Javier Milei revendique des succès: l'inflation domptée (passée de 200% à 31% en interannuel) et l'équilibre budgétaire, inédit en 14 ans. Mais au prix d'une austérité draconienne, avec plus de 200'000 emplois perdus. L'activité économique cale – contraction de 1,8% en 2024, reprise poussive en 2025 – sur fond de société à deux vitesses.
«On est pareil qu'il y a deux ans, mais pire. Et l'espoir qui était là n'y est plus», maugrée Hector Sanchez, 62 ans, dont 40 comme serveur. «J'aimerais qu'il y arrive, mais je n'y crois pas», dit cet électeur de Milei en 2023, aujourd'hui indécis. «En face, il n'y a rien. Et je ne veux pas revenir à avant...»

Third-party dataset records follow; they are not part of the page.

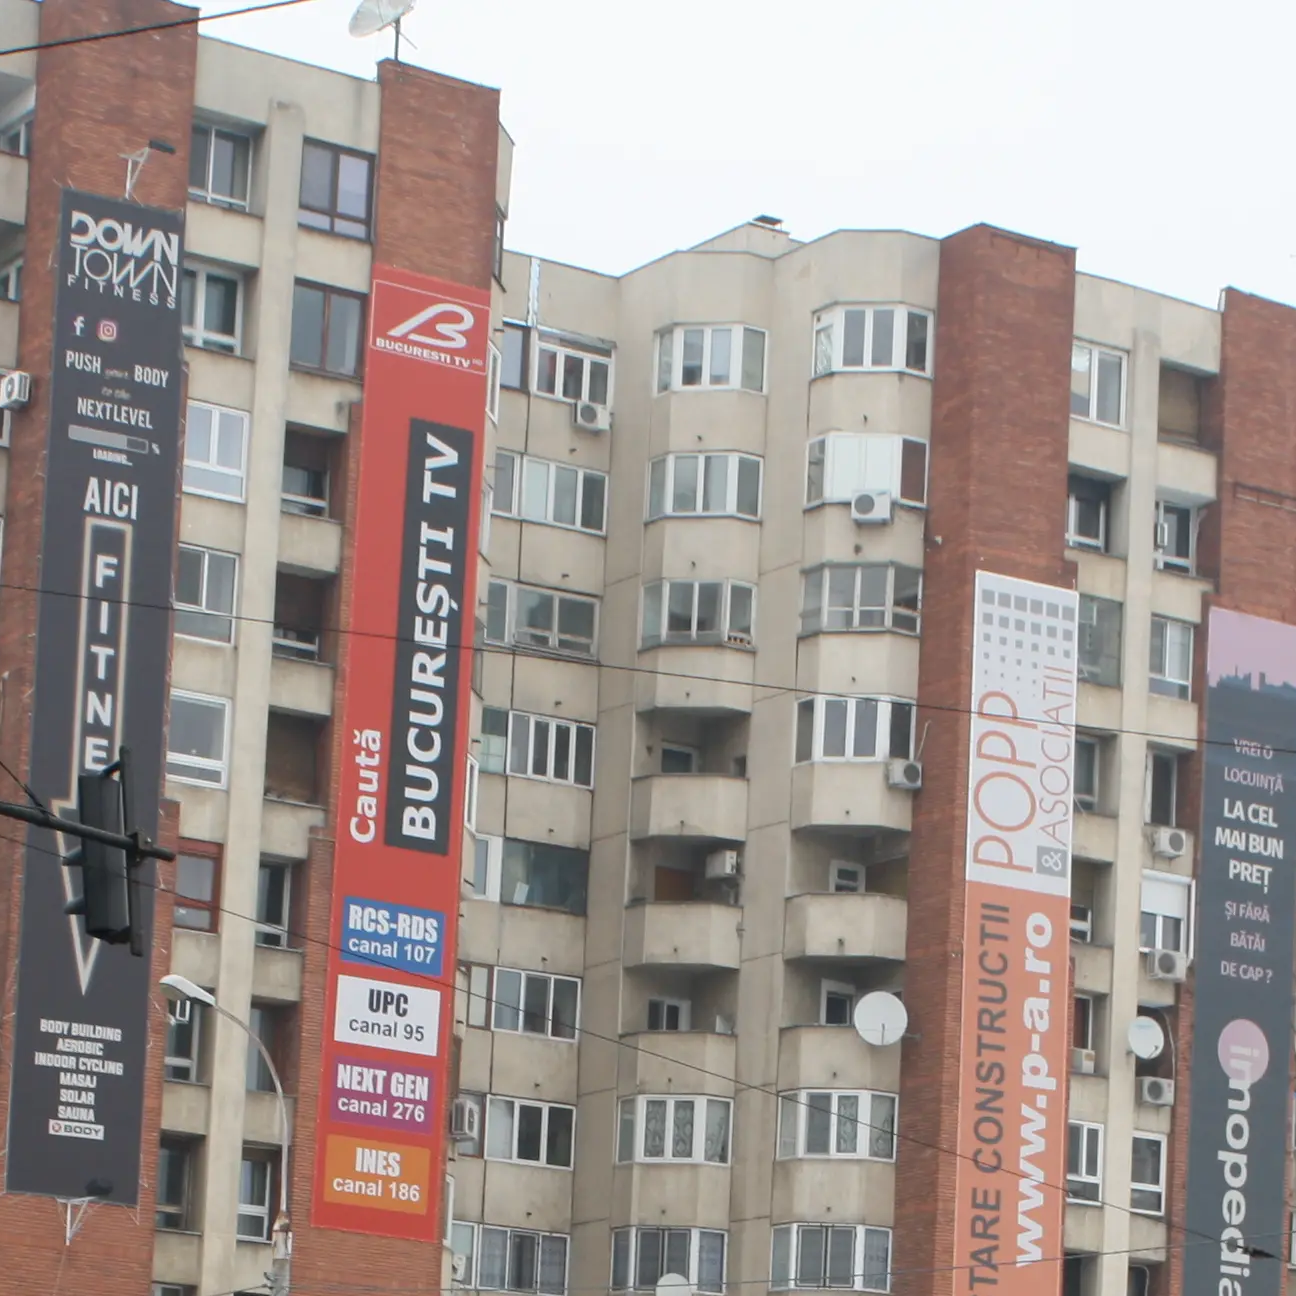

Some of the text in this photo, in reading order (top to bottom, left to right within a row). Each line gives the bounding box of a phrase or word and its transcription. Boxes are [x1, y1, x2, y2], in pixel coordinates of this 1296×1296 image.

[70, 210, 179, 266] DOWN
[69, 241, 177, 298] TOWN
[67, 274, 177, 310] FITNESS
[65, 350, 102, 375] PUSH
[134, 364, 170, 388] BODY
[375, 337, 451, 365] BUCURESTI
[453, 356, 471, 369] TV
[83, 476, 139, 521] AICI
[402, 432, 461, 842] BUCUREȘTI TV
[84, 553, 120, 772] FITNE
[349, 727, 382, 844] Caută
[972, 690, 1038, 875] POPP
[1223, 798, 1278, 828] LA CEL
[1215, 826, 1284, 859] MAI BUN
[1228, 859, 1273, 895] PREȚ
[348, 903, 439, 944] RCS-RDS
[348, 937, 436, 965] canal 107
[1220, 960, 1237, 978] DE
[1239, 964, 1264, 982] CAP
[368, 988, 409, 1018] UPC
[40, 1018, 122, 1042] BODY BUILDING
[349, 1018, 425, 1043] canal 95
[970, 902, 1010, 1175] CONSTRUCTII
[56, 1037, 104, 1056] AEROBIC
[34, 1051, 124, 1076] INDOOR CYCLING
[59, 1072, 97, 1089] MASAJ
[59, 1088, 95, 1105] SOLAR
[336, 1063, 430, 1102] NEXT GEN
[1015, 911, 1058, 1269] www.p-a.ro
[57, 1105, 96, 1123] SAUNA
[337, 1097, 425, 1123] canal 276
[63, 1125, 101, 1136] BODY
[355, 1147, 401, 1178] INES
[332, 1177, 421, 1203] canal 186

Le label «anti-caste» du président a aussi été écorné par des soupçons de corruption dans son entourage. Le plus récent a vu un économiste proche de Javier Milei renoncer à la députation, pour des liens passés avec un narco-trafiquant présumé.
Allié américain
Allié idéologique de Javier Milei, Donald Trump a volé au secours de l'économie argentine en pleines turbulences financières: ligne de crédit de 20 milliards de dollars, dispositif à l'étude avec des banques privées pour 20 milliards de plus, ou encore interventions directes sur le marché des changes pour défendre le peso.

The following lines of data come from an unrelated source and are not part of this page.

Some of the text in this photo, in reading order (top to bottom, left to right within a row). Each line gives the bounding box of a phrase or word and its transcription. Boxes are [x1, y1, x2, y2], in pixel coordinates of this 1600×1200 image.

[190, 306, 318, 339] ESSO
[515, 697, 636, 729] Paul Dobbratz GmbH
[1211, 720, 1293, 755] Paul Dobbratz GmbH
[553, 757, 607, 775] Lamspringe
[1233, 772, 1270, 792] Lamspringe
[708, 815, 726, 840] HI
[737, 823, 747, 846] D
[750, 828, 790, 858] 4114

Des économistes ironisent sur un risque de «Viet Nam financier» pour les Etats-Unis, à renflouer une Argentine insolvable. Les Argentins, eux, redoutent une dévaluation ou une dépréciation du peso après le scrutin. «Les ordres viennent désormais de Washington (...) Trump est le directeur de campagne de Milei», lance Axel Kicillof. «Que valent des dollars sans les votes?», interroge le quotidien La Nacion.
Un «Lion» à l'écoute?
Moins d'apostrophes et d'insultes contre les opposants ou journalistes, une main tendue aux influents gouverneurs de province, et un embryon d'empathie avec des référence aux Argentins «vulnérables»... Quelque chose dans le ton de Milei a - légèrement - changé depuis septembre et une gifle électorale lors d'un scrutin régional. La campagne a tout de même vu «le Lion», comme il se dépeint, renfiler son cuir de rockeur pour un meeting-concert surréaliste, à l'intention de son noyau dur.
Avant de faire place à un sens pratique post-scrutin? «Il se peut que le pragmatisme de Milei fonctionne, qu'il passe des accords conjoncturels, pour une réforme moins radicale qu'il l'aurait voulu, pour pouvoir montrer qu'il a fait la réforme», pressent Gabriel Vommaro, politologue du centre de recherche Conicet. «Mais une 'normalisation' de Milei, une plus ample coalition? Pas sûr qu'il le puisse, ou même le souhaite.»